Femme florès (reconstitution)

 

description

Cette représentation d'une femme florès d’une trentaine d’années, qui aurait vécu il y a environ -18 000 ans, fait partie d’un ensemble de trois reconstitutions d’hominidées réalisées entre 2011 et 2013 pour le musée des Confluences. Elle constitue une hypothèse d'Elisabeth Daynès et de son équipe à partir de moulages de restes fossiles, en faisant appel à l’expertise de Jean-Noël Vignal, anthropologue médicolégal à l'institut de recherche criminelle et d’autres spécialistes (anthropologues, archéologues, paléontologues, anatomistes, criminologue).

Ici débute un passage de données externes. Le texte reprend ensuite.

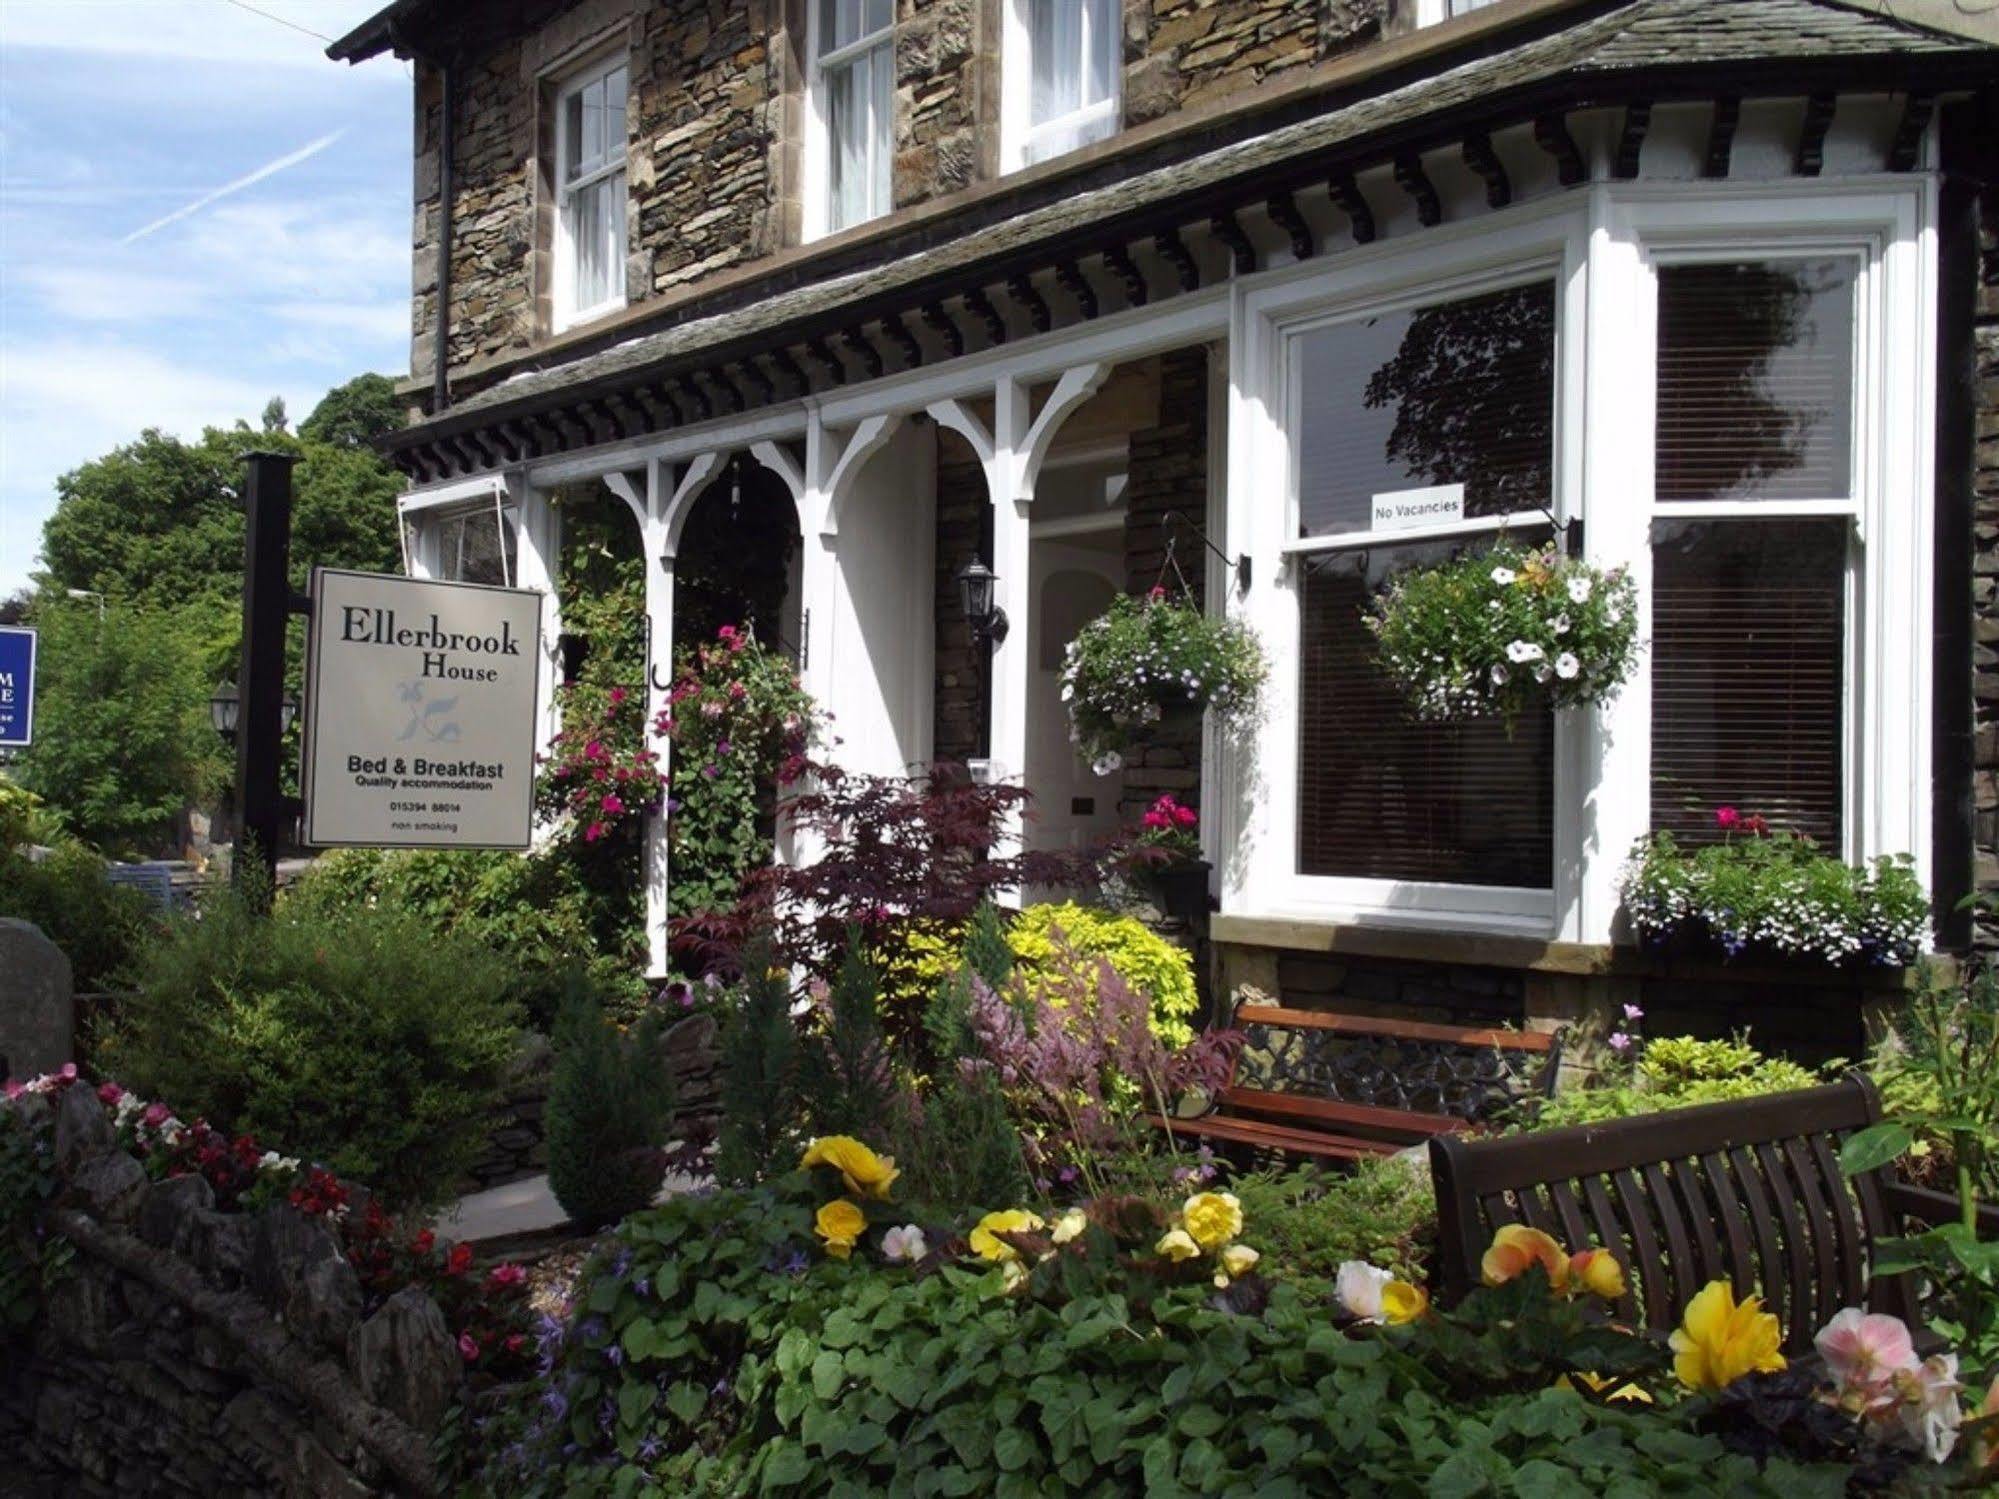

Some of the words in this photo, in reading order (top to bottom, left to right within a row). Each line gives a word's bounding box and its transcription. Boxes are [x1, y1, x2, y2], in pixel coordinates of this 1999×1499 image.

[1375, 507, 1393, 519] No
[1396, 500, 1459, 516] Vacancies
[341, 606, 520, 656] Ellerbrook
[422, 652, 498, 683] House
[347, 754, 387, 774] Bed
[393, 758, 407, 775] &
[413, 758, 504, 779] Breakfast
[355, 774, 397, 789] Quality
[401, 779, 493, 791] accommodation
[390, 801, 427, 812] 015394
[391, 821, 411, 831] non
[414, 822, 458, 834] smoking

Le travail de l’Atelier Daynès est également basé sur des traités d’anatomie et de l’imagerie en 2D et en 3D des fossiles.

Les moulages des restes fossiles donnent la base osseuse du modèle, sur laquelle Elisabeth Daynès sculpte les muscles puis la peau, dont l’épaisseur reste au plus près des muscles afin de rester dans une reconstitution la plus probable possible. Cette base est ensuite moulée avec du silicone pour produire le modèle final, auquel on ajoute des pigments pour la couleur de la peau, de vrais cheveux et poils, des yeux artificiels et des vêtements selon les cas.

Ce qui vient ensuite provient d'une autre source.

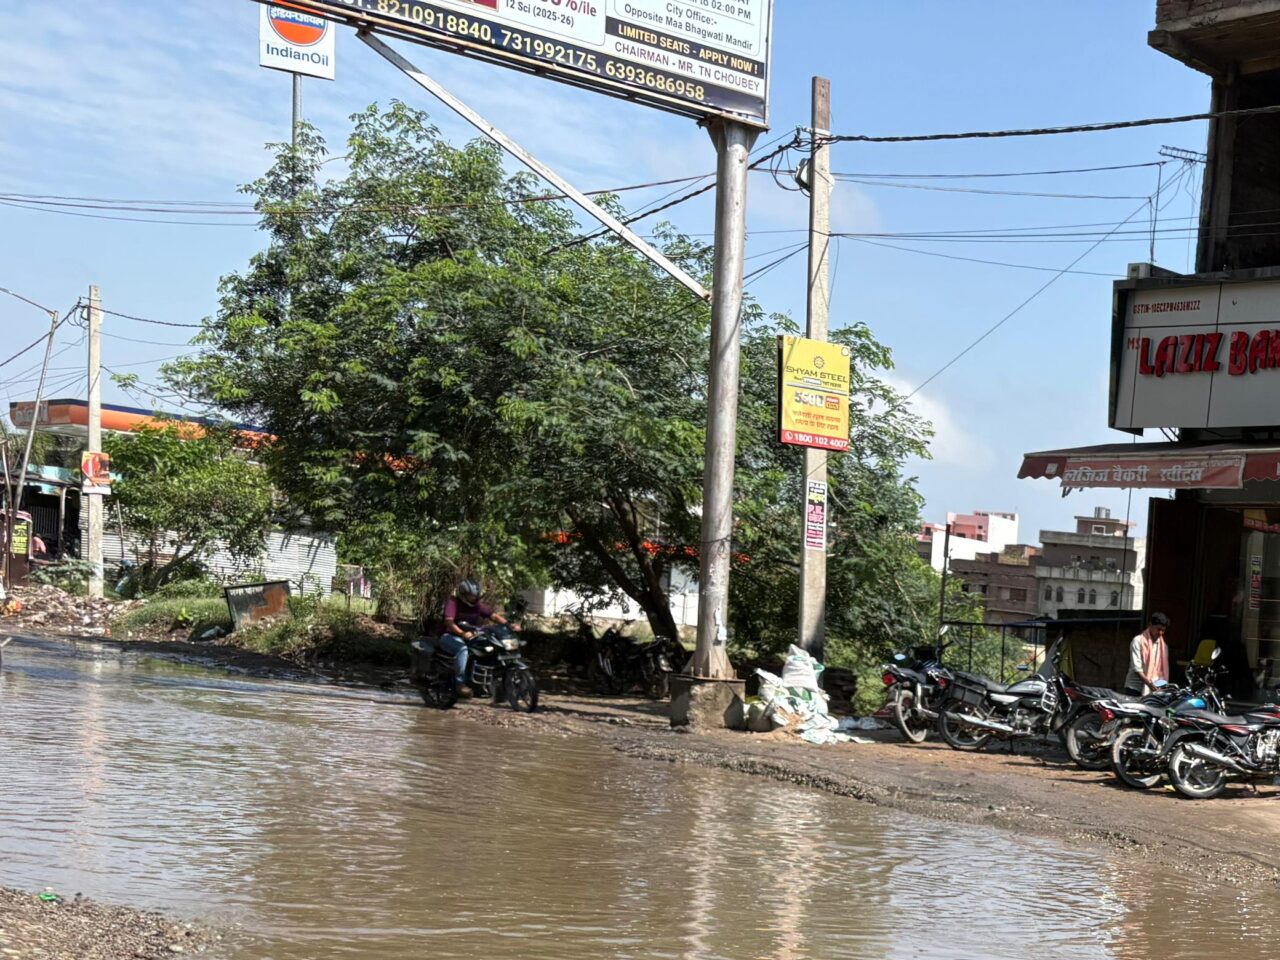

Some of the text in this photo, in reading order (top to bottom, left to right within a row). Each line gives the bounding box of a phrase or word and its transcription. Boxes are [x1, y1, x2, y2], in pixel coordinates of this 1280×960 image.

[517, 2, 531, 14] Sci
[532, 6, 575, 28] (2025-26)
[666, 3, 684, 18] City
[711, 0, 735, 15] 02:00
[737, 7, 751, 19] PM
[624, 3, 753, 50] Opposite Maa Bhagwati Mandir
[266, 43, 329, 67] IndianOil
[618, 23, 657, 45] LIMITED
[659, 37, 690, 54] SEATS
[699, 49, 729, 66] APPLY
[730, 57, 752, 73] NOW
[605, 60, 705, 101] 6393686958
[615, 41, 669, 66] CHAIRMAN
[678, 59, 696, 75] MR.
[698, 65, 711, 79] TN
[714, 69, 760, 92] CHOUBEY
[1139, 331, 1225, 378] LAZIZ
[785, 366, 818, 378] SHYAM
[819, 371, 849, 383] STEEL

Ces reconstitutions très réalistes permettent au public de s’imaginer et de s’approprier les différentes espèces humaines plus facilement qu’à partir de restes humains (fragments de squelettes, tombe reconstituée, momies, etc.). Elles peuvent donner matière à débat auprès des scientifiques, mais aussi mettre mal à l’aise du fait même du réalisme des reconstitutions.

Les restes fossiles d'Homo floresiensis proviennent de la grotte de Liang Bua sur l’île de Florès, en Indonésie.

Ces 3 reconstitutions sont des femmes. La femme florès est à l’origine de ce parti pris : en effet à ce jour, la reconstitution de l’espèce est basée sur la découverte du squelette et du crâne d’un individu féminin. Ce parti pris est également un clin d’œil à l’ADN mitochondrial qui permet la détermination des espèces, et se transmet par la femme.

exposition

La reconstitution de la femme florès est présentée dans l’exposition Origines, les récits du monde, aux côtés de celles d’une femme néanderthalienne et d’une femme sapiens.

L’histoire de nos origines montre que, comme pour toute autre espèce, notre évolution est buissonnante et a connu plusieurs rameaux. Ainsi, ces trois femmes, reconstituées à partir de leurs restes osseux fossiles, représentent les trois espèces humaines qui coexistaient encore il y a 25 000 ans.

L’espèce Homo floresiensis vécut en Indonésie sur l’île de Florès à partir de -95 000 ans. Dotée d’un cerveau évolué, capable de concevoir des outils en pierre, elle chasse et maîtrise l’usage du feu. Cette femme, d’un mètre de haut environ, pesait une trentaine de kilos. La petite taille de son espèce s’explique par un isolement insulaire.

As with every other species, the history of our origins shows that our evolution sprouted many offshoots. These three women, reconstructed from their fossilised bones, are examples of the three human species that coexisted 25,000 years ago.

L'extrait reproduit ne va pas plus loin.